Turns out, it's not too different from my regular life. I'm happily working on some story with signs of a busy investigation all around me, including a notebook nearby with pages already filled. There's a guitar in the background and plenty of books, art, and plants. Nothing feels dramatically different from the present, except that I seem to have added a nice apartment in a city skyscraper to my property portfolio.
Article continues belowThe smile suggests I didn't lose my house, and with that kind of financial upgrade, no wonder I seem so relaxed. Otherwise, the tools are the same, and I'm plugging away at writing like I usually do in the evening.
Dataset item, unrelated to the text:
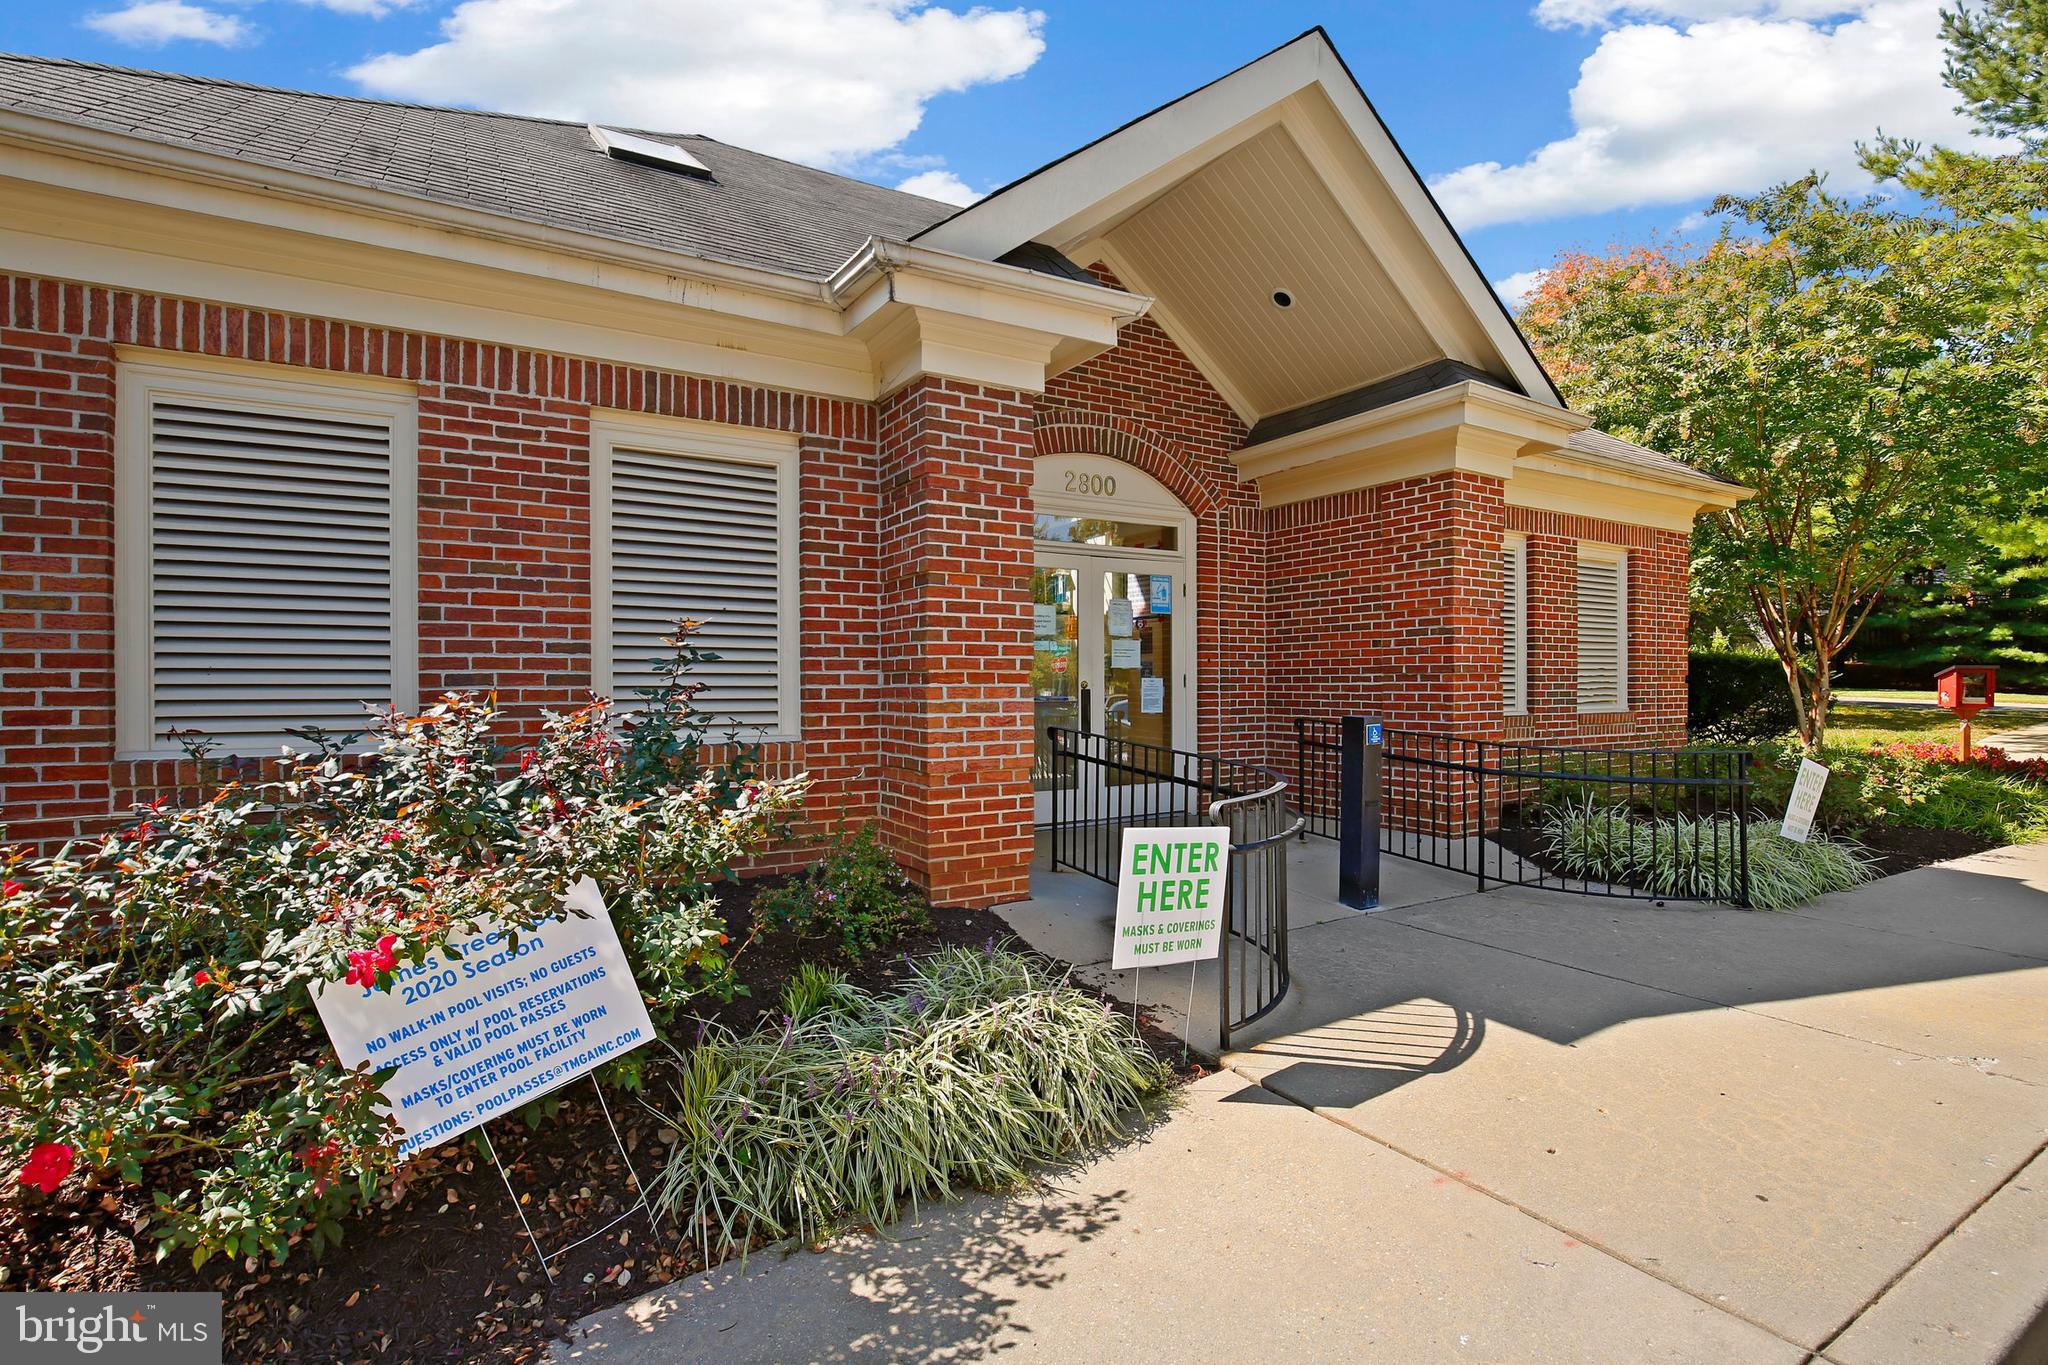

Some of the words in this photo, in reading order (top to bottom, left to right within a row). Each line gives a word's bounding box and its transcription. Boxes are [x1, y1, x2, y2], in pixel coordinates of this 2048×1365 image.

The image does not present this path as a negative or a missed opportunity. It frames it as a stable progression. The details reinforce that idea of steady growth.
Library pals
I then turned to what might come of some other choices. I asked ChatGPT to: "come up with an alternative version of my life in three years if I change direction now and make a photograph showing that life.”
The second image opens everything up. Daylight replaces the night, and the scene shifts toward a wide window with a view that stretches far beyond the room. The same desk appears again, along with the same laptop and notebook, but the atmosphere is looser. There is more space, more light, and a sense that time is being used differently.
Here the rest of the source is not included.